Genetic contributions to cross-frequency modulation. (A) Plot of the negative natural logarithm of the P-values for the regression models between each of the 16 genetic components and cfM components 1 (top) and 4 (bottom). Pink shaded region indicates the P-values for the regression model; black and white regions show the P-values for the genetic and genetic × diagnosis terms, respectively. Asterisks denote significant models at P < 0.05 after Bonferroni correction for 32 tests. (B) Genetic component 6 (top) and component 4 (bottom). Contributions of individual polymorphisms are z-scored to facilitate interpretation. Error bars were determined with 1000 bootstrap resamplings.
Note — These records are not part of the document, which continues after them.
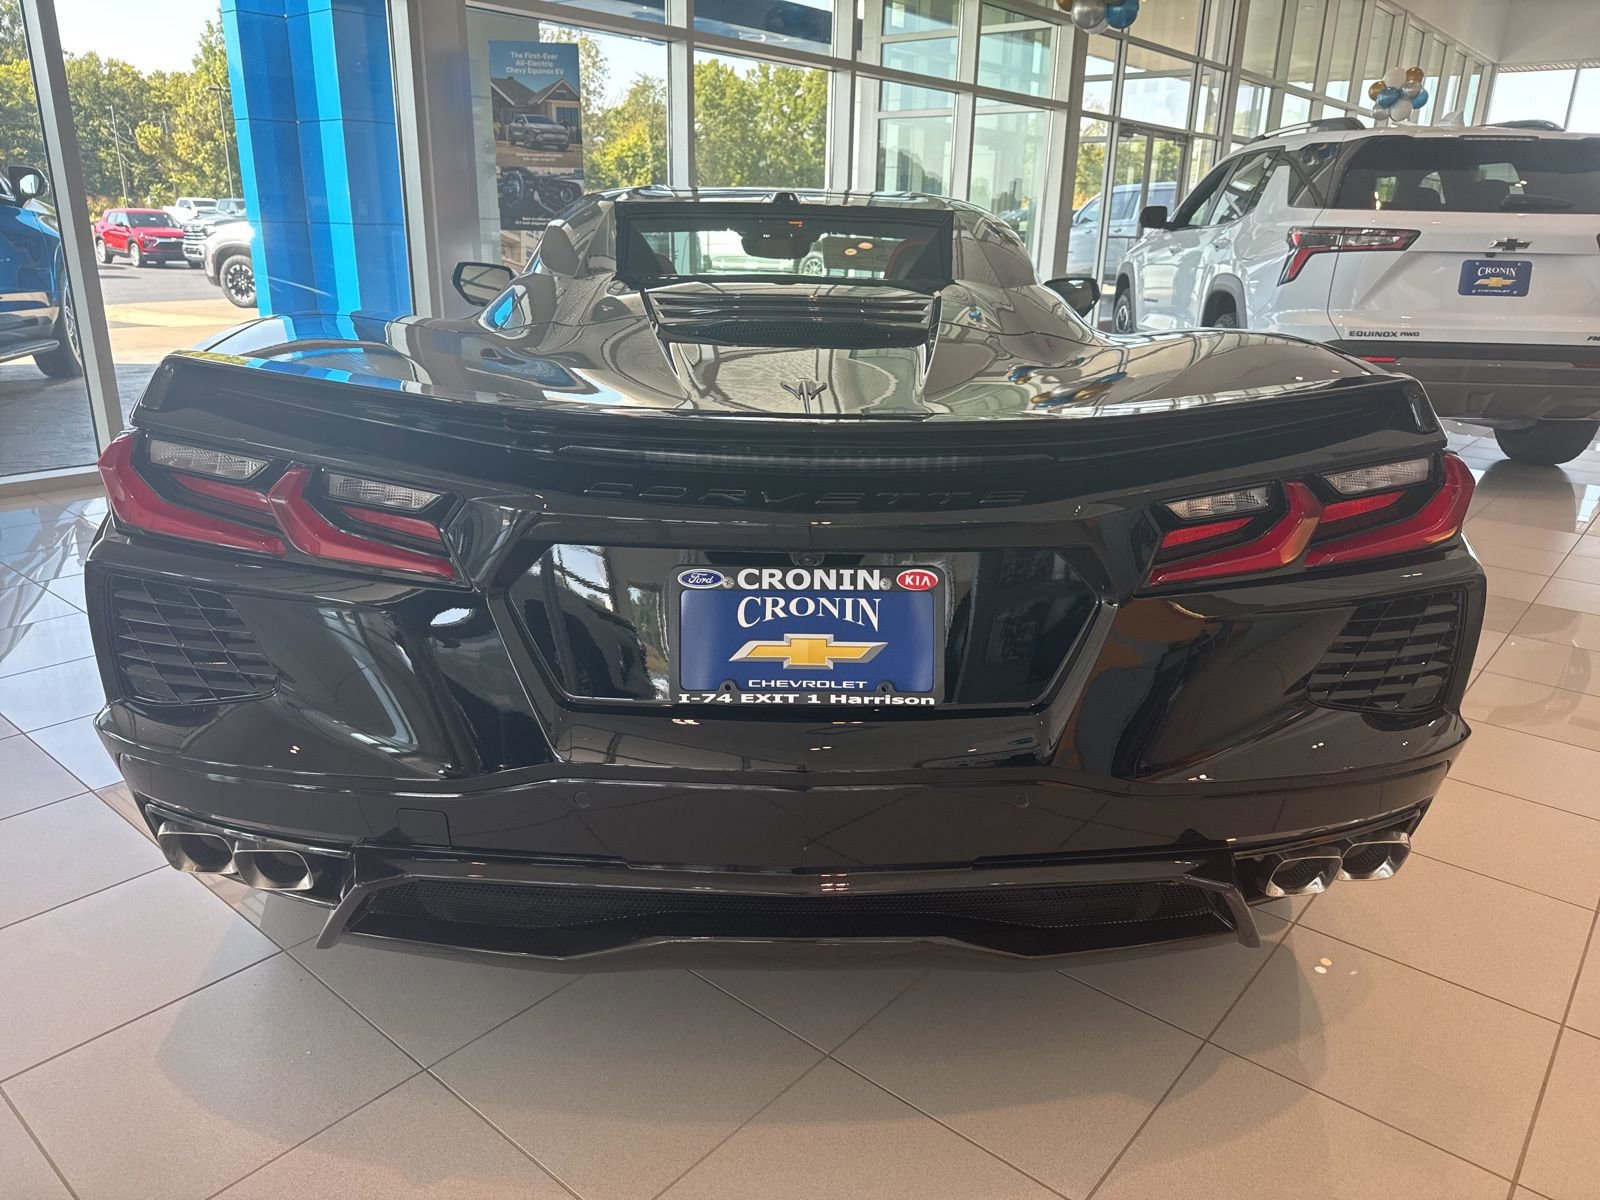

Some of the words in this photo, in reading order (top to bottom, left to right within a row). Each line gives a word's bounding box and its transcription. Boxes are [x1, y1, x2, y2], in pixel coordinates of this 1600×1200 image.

[511, 51, 523, 59] The
[524, 52, 558, 60] First-Ever
[515, 59, 554, 67] All-Electric
[505, 66, 527, 75] Chevy
[527, 67, 554, 75] Equinox
[1477, 266, 1517, 278] CRONIN
[583, 481, 1028, 505] CORVETTE
[687, 573, 714, 585] Ford
[737, 568, 881, 590] CRONIN
[904, 574, 931, 586] KIA
[737, 596, 882, 632] CRONIN
[748, 679, 868, 689] CHEVROLET
[678, 693, 732, 704] I-74
[741, 693, 800, 704] EXIT
[808, 694, 821, 704] 1
[830, 694, 935, 705] Harrison
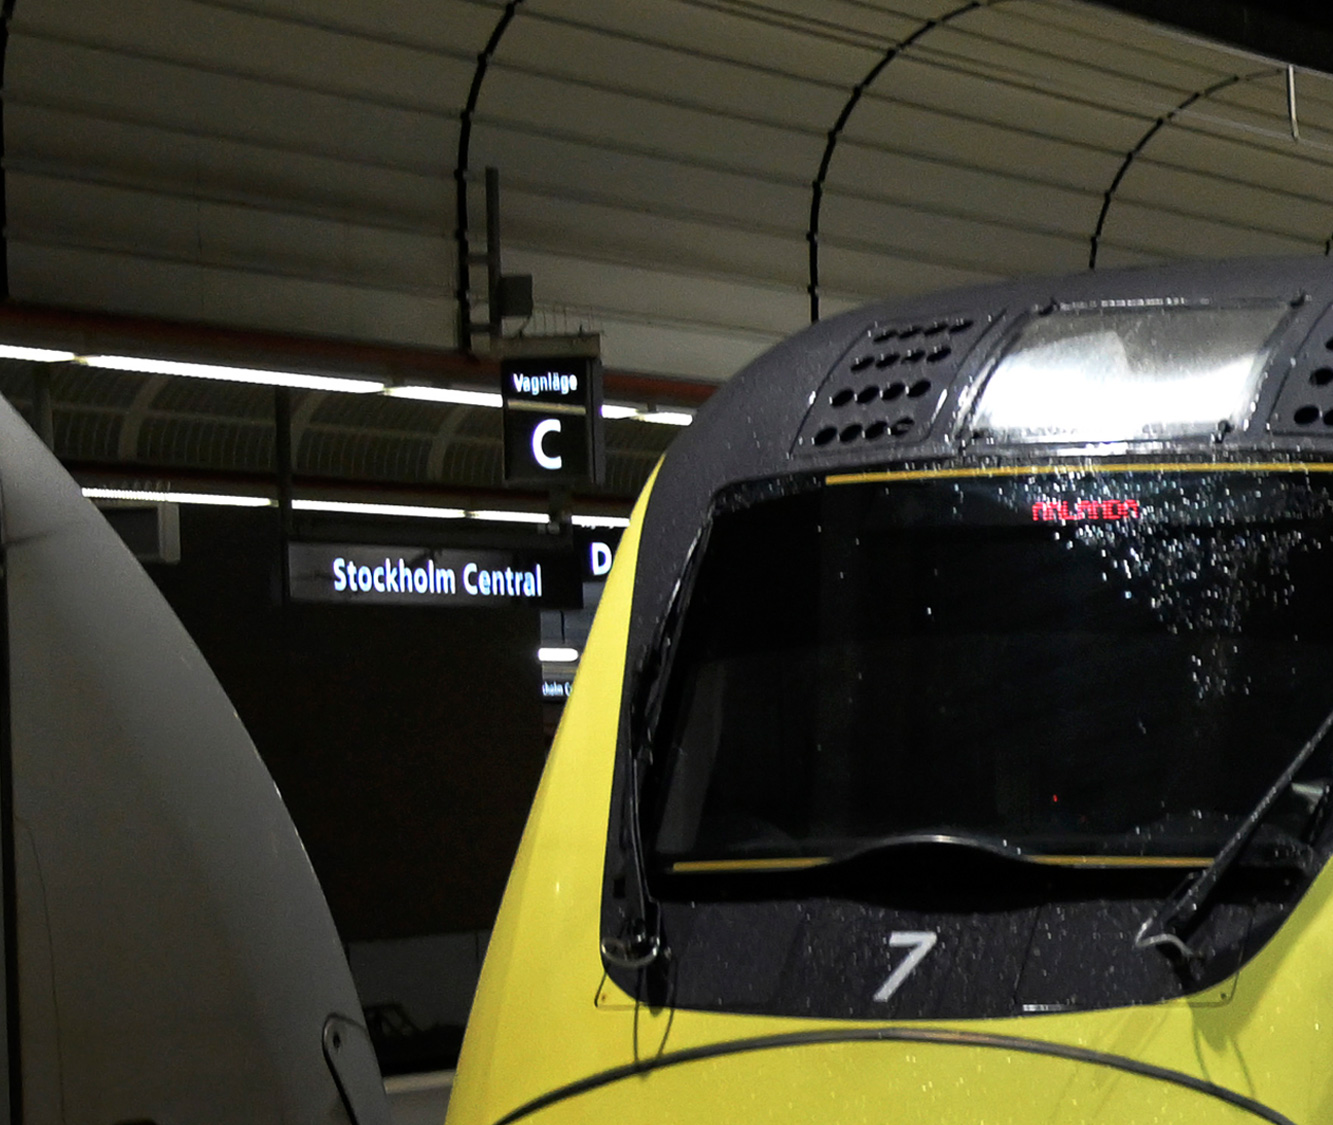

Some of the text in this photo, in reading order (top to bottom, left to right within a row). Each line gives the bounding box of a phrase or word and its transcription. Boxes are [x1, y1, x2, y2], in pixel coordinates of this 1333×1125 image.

[513, 371, 578, 396] Vagnläge
[531, 418, 563, 471] C
[333, 557, 543, 597] Stockholm Central
[590, 541, 612, 576] D
[873, 930, 938, 1003] 7
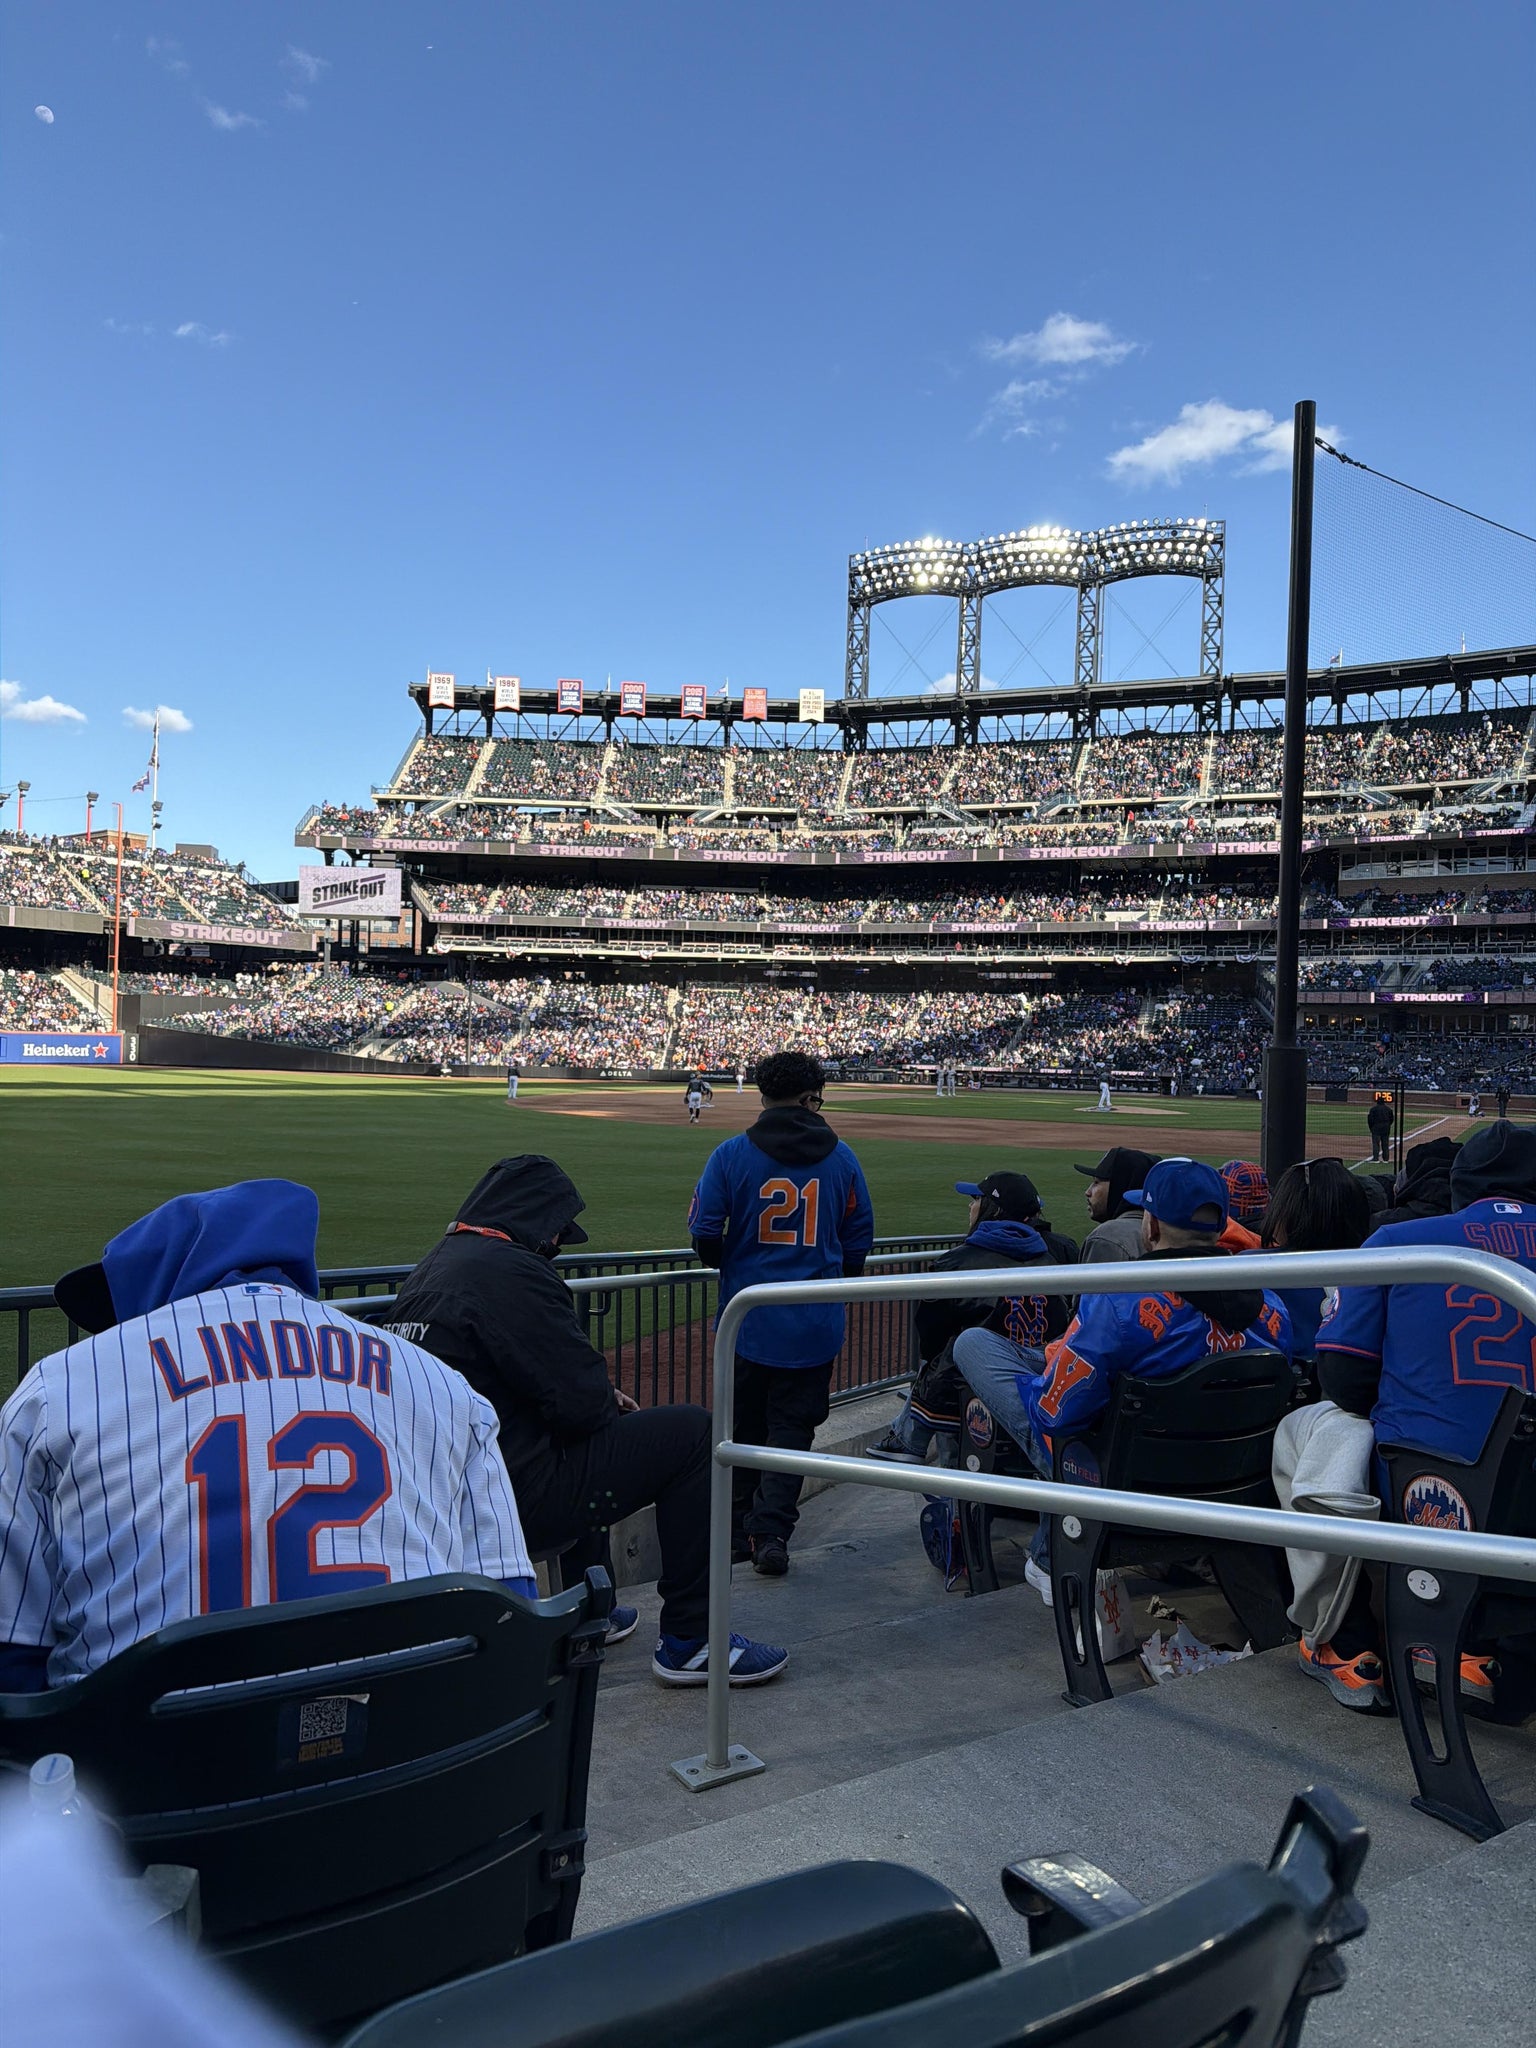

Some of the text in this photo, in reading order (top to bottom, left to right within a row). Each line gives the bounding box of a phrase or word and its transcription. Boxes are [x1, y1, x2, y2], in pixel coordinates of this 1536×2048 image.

[434, 676, 451, 684] 1969
[562, 682, 579, 690] 1973
[624, 684, 642, 692] 2000
[686, 688, 702, 696] 2015
[1476, 828, 1526, 836] STRIKEOUT
[1370, 834, 1416, 842] STRIKEOUT
[372, 838, 460, 851] STRIKEOUT
[540, 845, 625, 856] STRIKEOUT
[703, 850, 788, 862] STRIKEOUT
[864, 850, 948, 862] STRIKEOUT
[1029, 846, 1122, 859] STRIKEOUT
[312, 879, 386, 903] STRIKE OUT
[604, 918, 668, 928] STRIKEOUT
[1350, 916, 1430, 927] STRIKEOUT
[778, 923, 842, 932] STRIKEOUT
[951, 923, 1018, 932] STRIKEOUT
[170, 922, 282, 945] STRIKEOUT
[1394, 993, 1464, 1002] STRIKEOUT
[23, 1044, 91, 1056] Heineken
[757, 1177, 820, 1246] 21
[149, 1319, 392, 1402] LINDOR
[1063, 1460, 1099, 1483] citi FIELD
[185, 1410, 392, 1614] 12
[1069, 1522, 1074, 1532] 4
[1419, 1580, 1426, 1590] 5
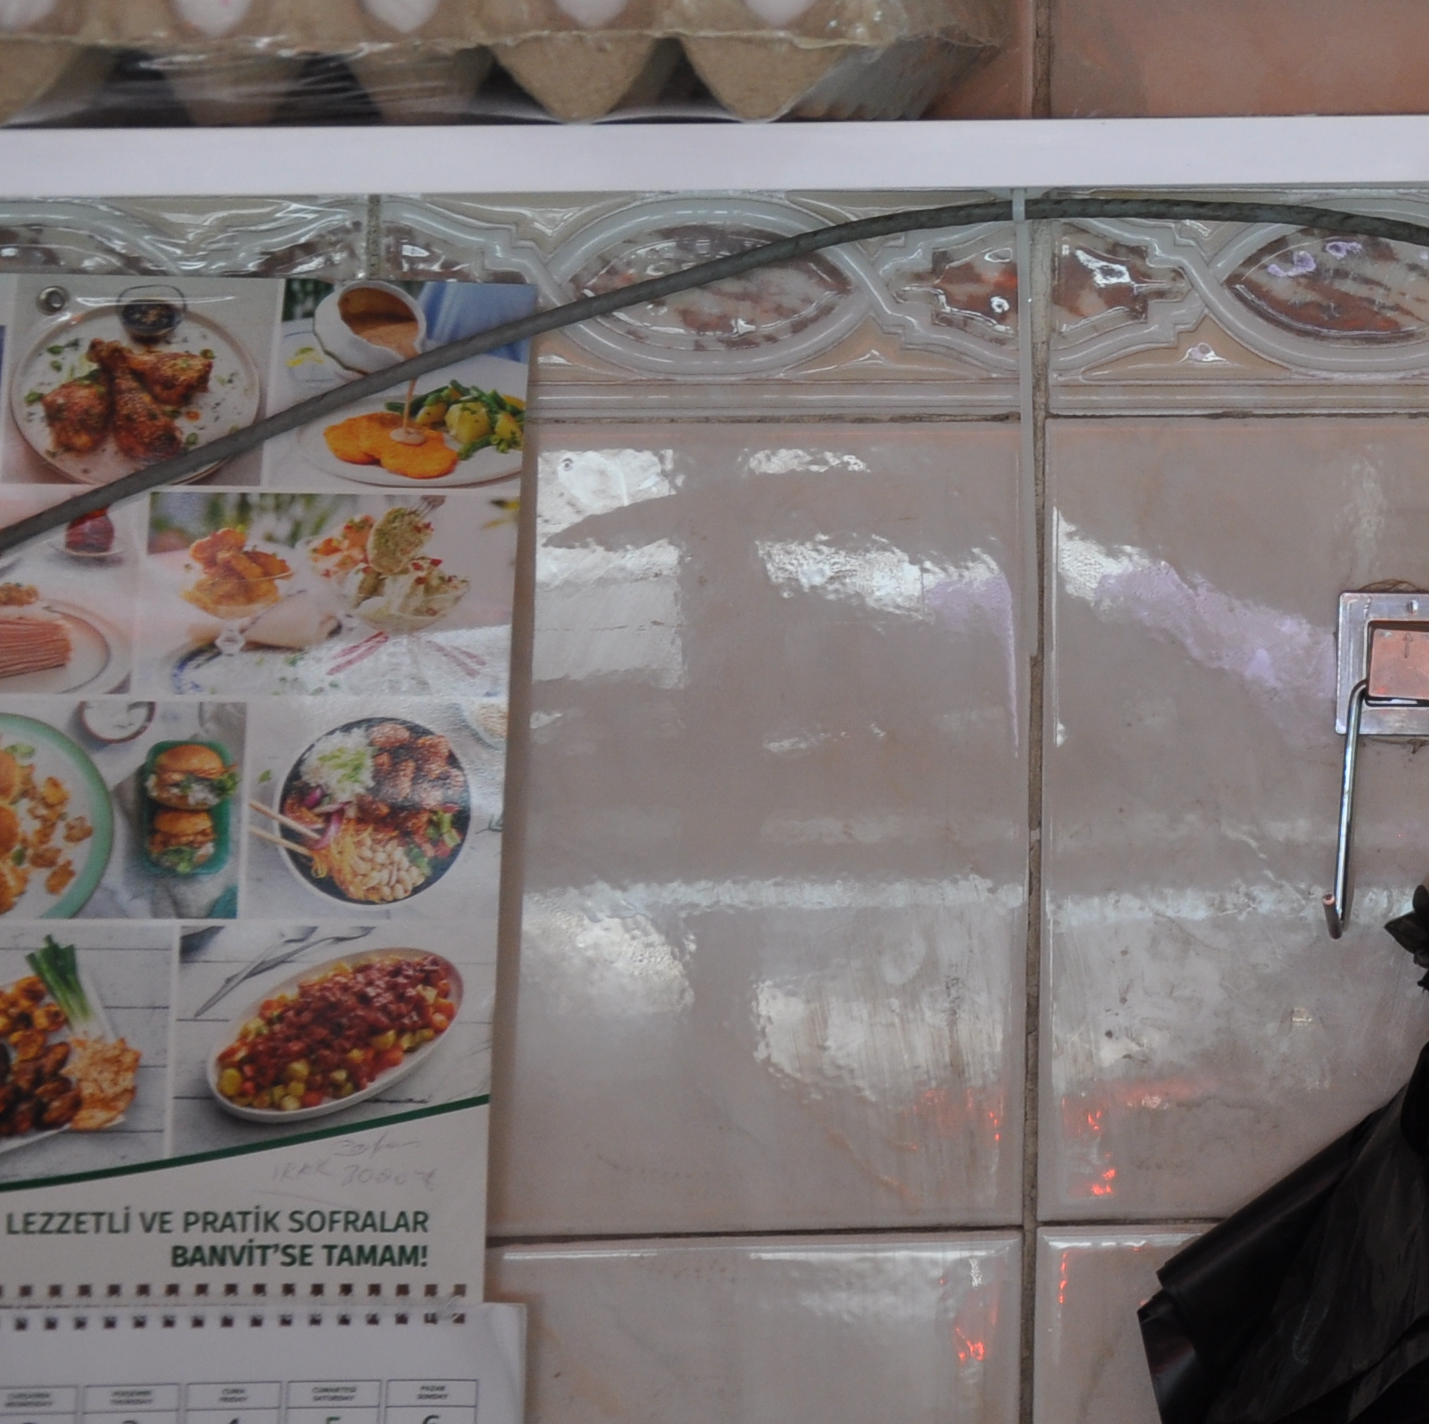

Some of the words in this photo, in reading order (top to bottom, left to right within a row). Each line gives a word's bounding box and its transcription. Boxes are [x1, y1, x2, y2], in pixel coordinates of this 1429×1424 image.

Asterisks denote polymorphisms contributing weights significantly different from zero (P < 0.05, corrected for 26 tests). (C–F) Plots of modulation component loading parameters as a function of genotype. In (D) and (E), data is stratified by SZ (red) and HC (blue) to highlight group × diagnosis interactions. In (F), the number of risk alleles is determined from the genotypes of rs279869, rs279858, rs279837, and rs567926; for clarity, only the SZ group data is shown. Dashed line shows the least-squares linear fit to the data. The number of individuals with each genotype is indicated adjacent to the data marker.

Figure A1

Correlation structure for the genotyped polymorphisms. (A,B) r² values computed between all pairs of loci. High correlations indicate data redundancy, which is reduced through ICA. Polymorphic loci in close physical proximity are bounded with black boxes. Correlation structure is displayed for all subjects in (A), and in (B) is computed separately for the 3 largest subsets of subjects identifying as Caucasian (left, n = 118), African American (middle, n = 21), and Hispanic (right, n = 16). Correlation structure is similar between groups, though differences in magnitude are evident.

Figure A2

Genetic contributions to cross-frequency modulation. (A) Genetic component association results, including race in the regression model. Plot of the negative natural logarithm of the P-values for the regression models between each of the 16 genetic components and cfM components 1 (Left) and 4 (Right). The pink shaded region indicates the uncorrected P-values for the full model, while the black, white, and blue regions show the P-values for the genetic, genetic × diagnosis, and race terms, respectively. Asterisks denote significant models between (1) IC_M 1 and IC_G 6 (Left, pink; F_4,165 = 4.88, P < 0.001), (2) IC_M 4 and IC_G 6 (Right, pink; F_4,165 = 7.18, P < 0.00005), and (3) IC_M 4 and IC_G 4 (Right, pink; F_4,165 = 6.23, P < 0.0005). Associations were all significant at P < 0.05 after Bonferroni correction for 32 tests. Examination of the individual beta weights revealed a main effect of genetic component 6 on IC_M 1 (Left, black; t₁₆₅ = 3.05, P < 0.005). Associations with IC_M 4 were both due to interactions between the genetic components and the diagnosis (Right, white; t₁₆₅ = 3.30, P < 0.005 and t₁₆₅ = 3.18, P < 0.005 for IC_G 6 and IC_G 4, respectively). No significant associations with race were found. (B) Plots of modulation component loading parameters as a function of GABRA2 genotype. Data is stratified by SZ (red) and HC (blue) to highlight group × diagnosis interactions. Error bars denote ± 1 SEM. Dashed line shows the least-squares linear fit to the data. The number of individuals with each genotype is indicated adjacent to the data marker.